Cancer immunotherapy, such as immune checkpoint blockade, chimeric antigen receptor, and cytokine therapy, has emerged as a robust therapeutic strategy activating the host immune system to inhibit primary and metastatic lesions. However, low tumor immunogenicity (LTI) and immunosuppressive tumor microenvironment (ITM) severely compromise the killing effect of immune cells on tumor cells, which fail to evoke a strong and effective immune response. As an exogenous stimulation therapy, phototherapy can induce immunogenic cell death (ICD), enhancing the therapeutic effect of tumor immunotherapy. However, the lack of tumor targeting and the occurrence of immune escape significantly reduce its efficacy in vivo, thus limiting its clinical application. Nanophotoimmunotherapy (nano-PIT) is a precision-targeted tumor treatment that co-loaded phototherapeutic agents and various immunotherapeutic agents by specifically targeted nanoparticles (NPs) to improve the effectiveness of phototherapy, reduce its phototoxicity, enhance tumor immunogenicity, and reverse the ITM. This review will focus on the theme of nano-PIT, introduce the current research status of nano-PIT on converting cold tumors to hot tumors to improve immune efficacy according to the classification of immunotherapy targets, and discuss the challenges, opportunities, and prospects.

Automated summary

Cancer immunotherapy is an effective treatment strategy, but low tumor immunogenicity and immunosuppressive tumor microenvironment compromise its effectiveness. Phototherapy can enhance the therapeutic effect of tumor immunotherapy, but its efficacy is limited in vivo.
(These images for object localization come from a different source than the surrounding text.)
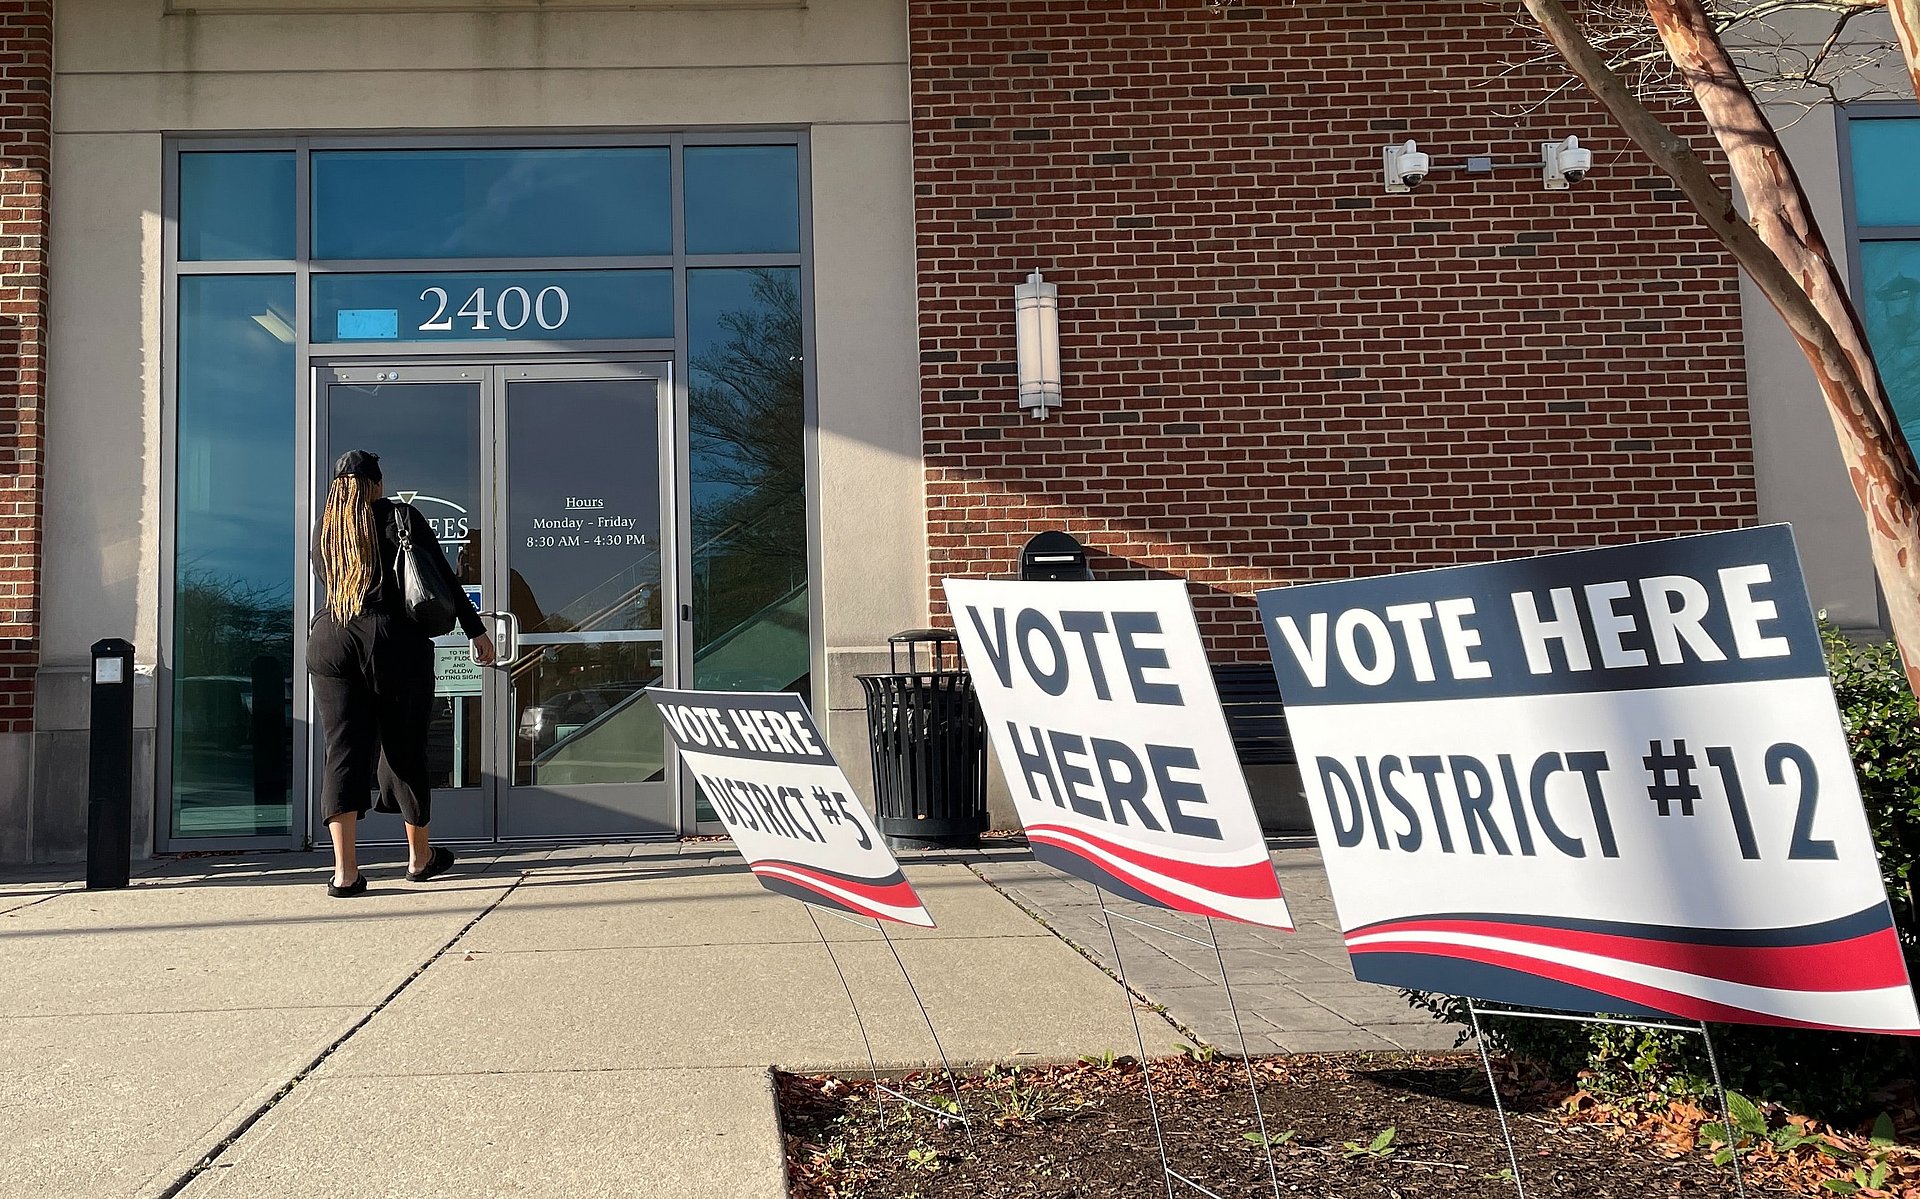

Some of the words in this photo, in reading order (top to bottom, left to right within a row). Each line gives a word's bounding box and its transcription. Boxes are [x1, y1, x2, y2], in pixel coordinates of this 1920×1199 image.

[418, 286, 570, 332] 2400
[532, 517, 584, 530] Monday
[597, 516, 637, 530] Friday
[565, 497, 604, 508] Hours
[526, 535, 555, 548] 8:30
[558, 535, 580, 547] AM
[593, 535, 622, 546] 4:30
[625, 534, 646, 546] PM
[965, 605, 1186, 707] VOTE
[1275, 596, 1494, 688] VOTE
[1510, 563, 1792, 675] HERE
[656, 703, 740, 750] VOTE
[727, 709, 824, 756] HERE
[701, 773, 827, 844] DISTRICT
[810, 785, 873, 851] #5
[1006, 720, 1224, 840] HERE
[1315, 750, 1622, 858] DISTRICT
[1642, 738, 1840, 861] #12
Nanophotoimmunotherapy combines phototherapy and immunotherapy using targeted nanoparticles to improve the efficacy of phototherapy, reduce its toxicity, enhance tumor immunogenicity, and reverse the tumor microenvironment. This review focuses on the current research status, challenges, opportunities, and prospects of nano-PIT in converting cold tumors to hot tumors to improve immune efficacy.